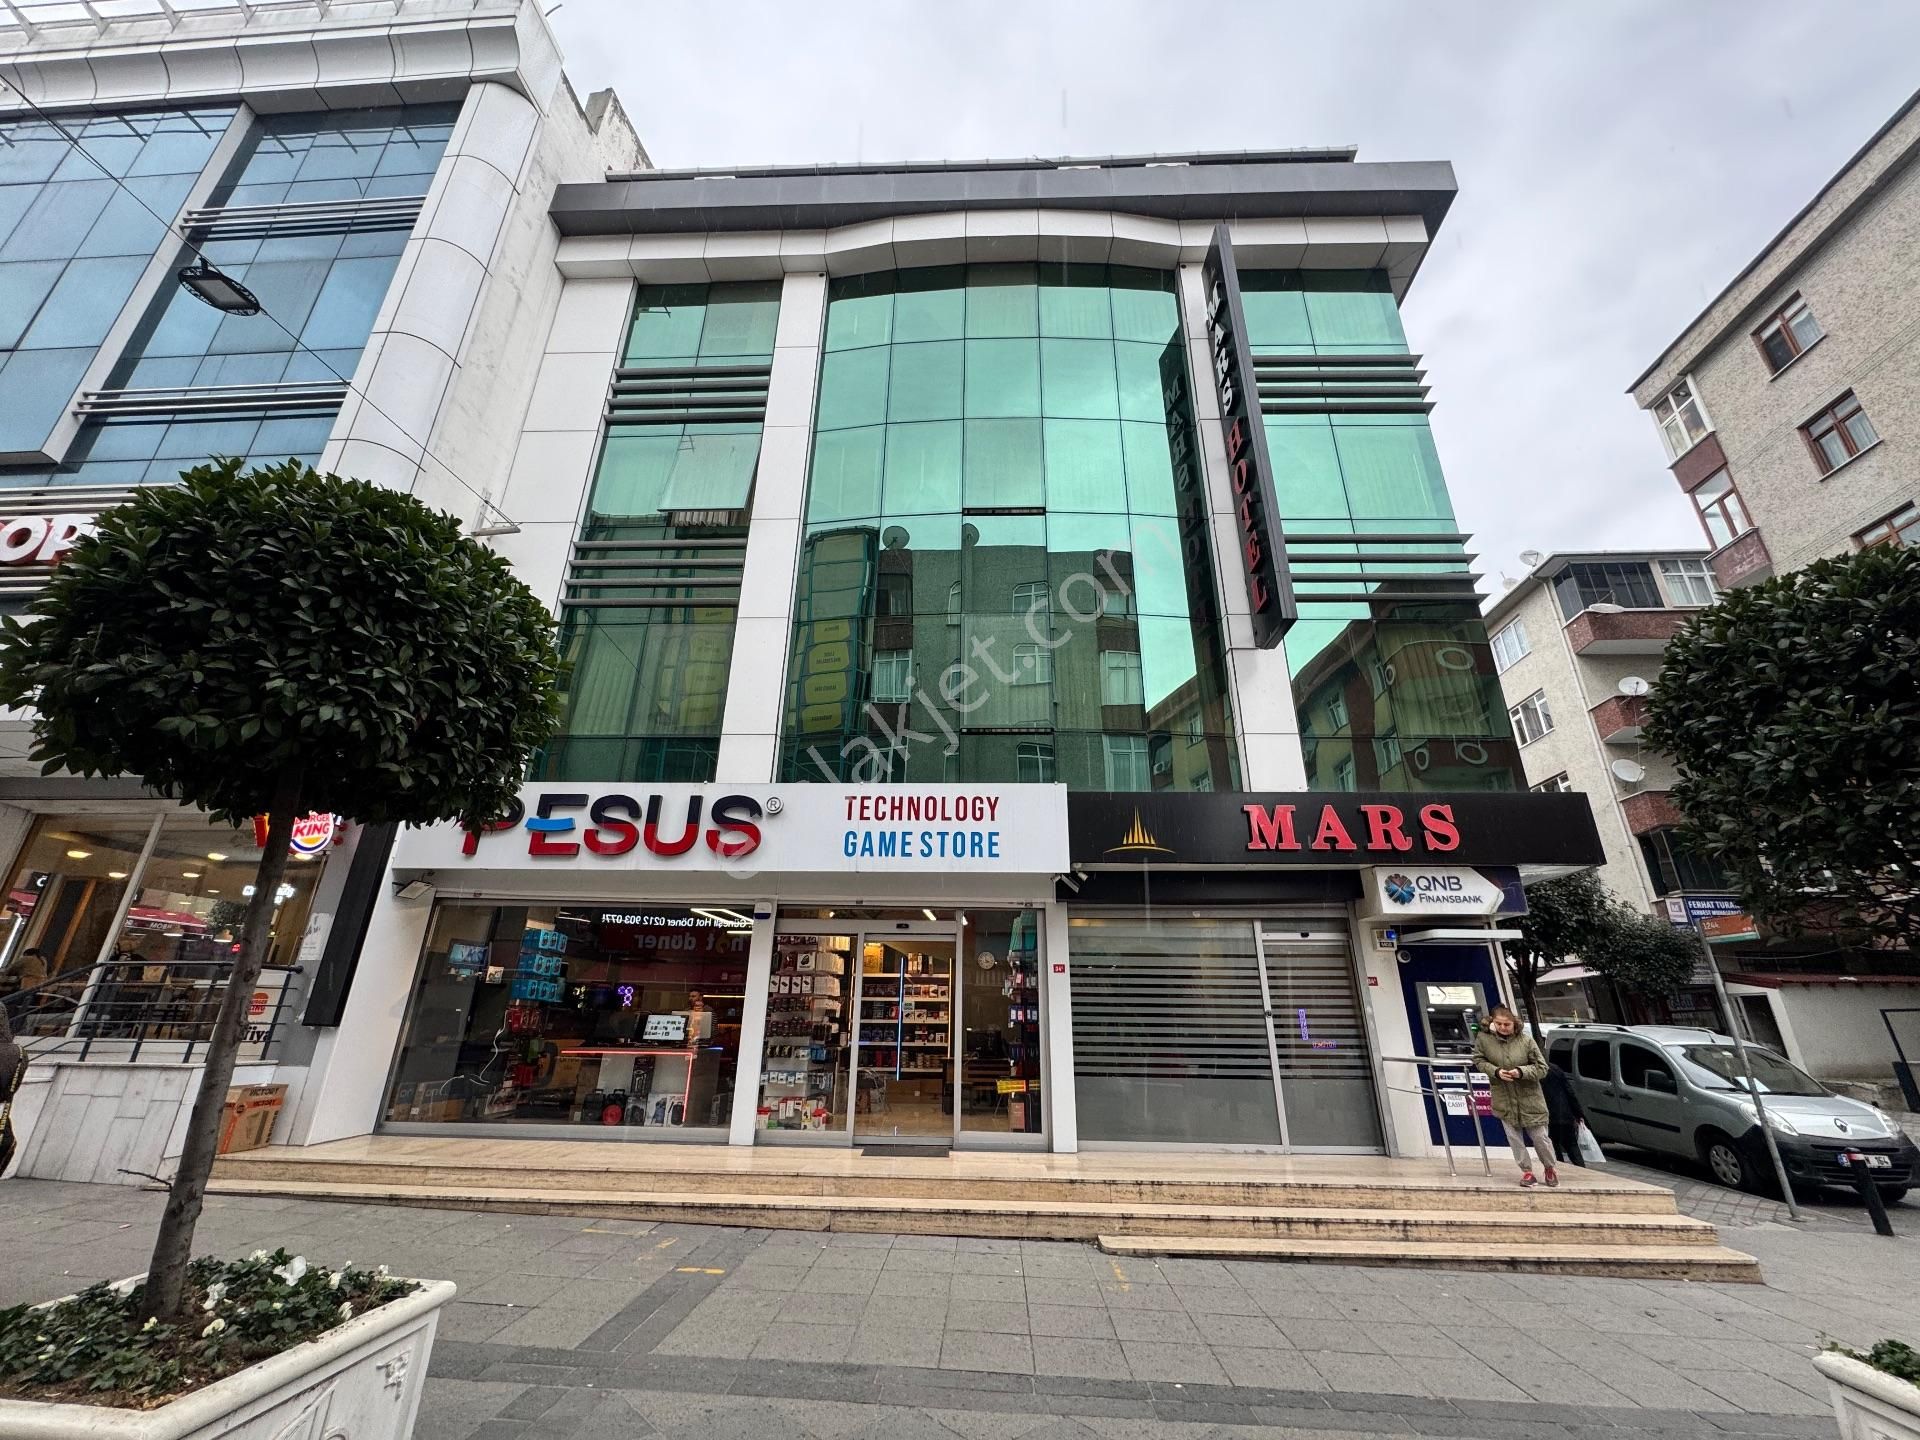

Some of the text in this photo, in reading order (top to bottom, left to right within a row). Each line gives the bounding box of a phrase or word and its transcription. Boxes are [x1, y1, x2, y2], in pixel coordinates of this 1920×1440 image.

[1206, 280, 1234, 416] MARS
[844, 796, 1000, 821] TECHNOLOGY
[293, 822, 331, 838] KING
[460, 793, 763, 857] PESUS
[1243, 804, 1461, 852] MARS
[844, 831, 1000, 858] GAME STORE
[1415, 875, 1463, 891] QNB
[1687, 900, 1715, 909] FERHAT

□ □ □ □

> What you should do
Could you reproduce the listing above exactly and drop every picture?

> Solved exercise
Some of the text in this photo, in reading order (top to bottom, left to right within a row). Each line gives the bounding box of a phrase or word and its transcription. Boxes are [x1, y1, x2, y2], in pixel coordinates of this 1920×1440 image.

[1206, 280, 1234, 416] MARS
[844, 796, 1000, 821] TECHNOLOGY
[293, 822, 331, 838] KING
[460, 793, 763, 857] PESUS
[1243, 804, 1461, 852] MARS
[844, 831, 1000, 858] GAME STORE
[1415, 875, 1463, 891] QNB
[1687, 900, 1715, 909] FERHAT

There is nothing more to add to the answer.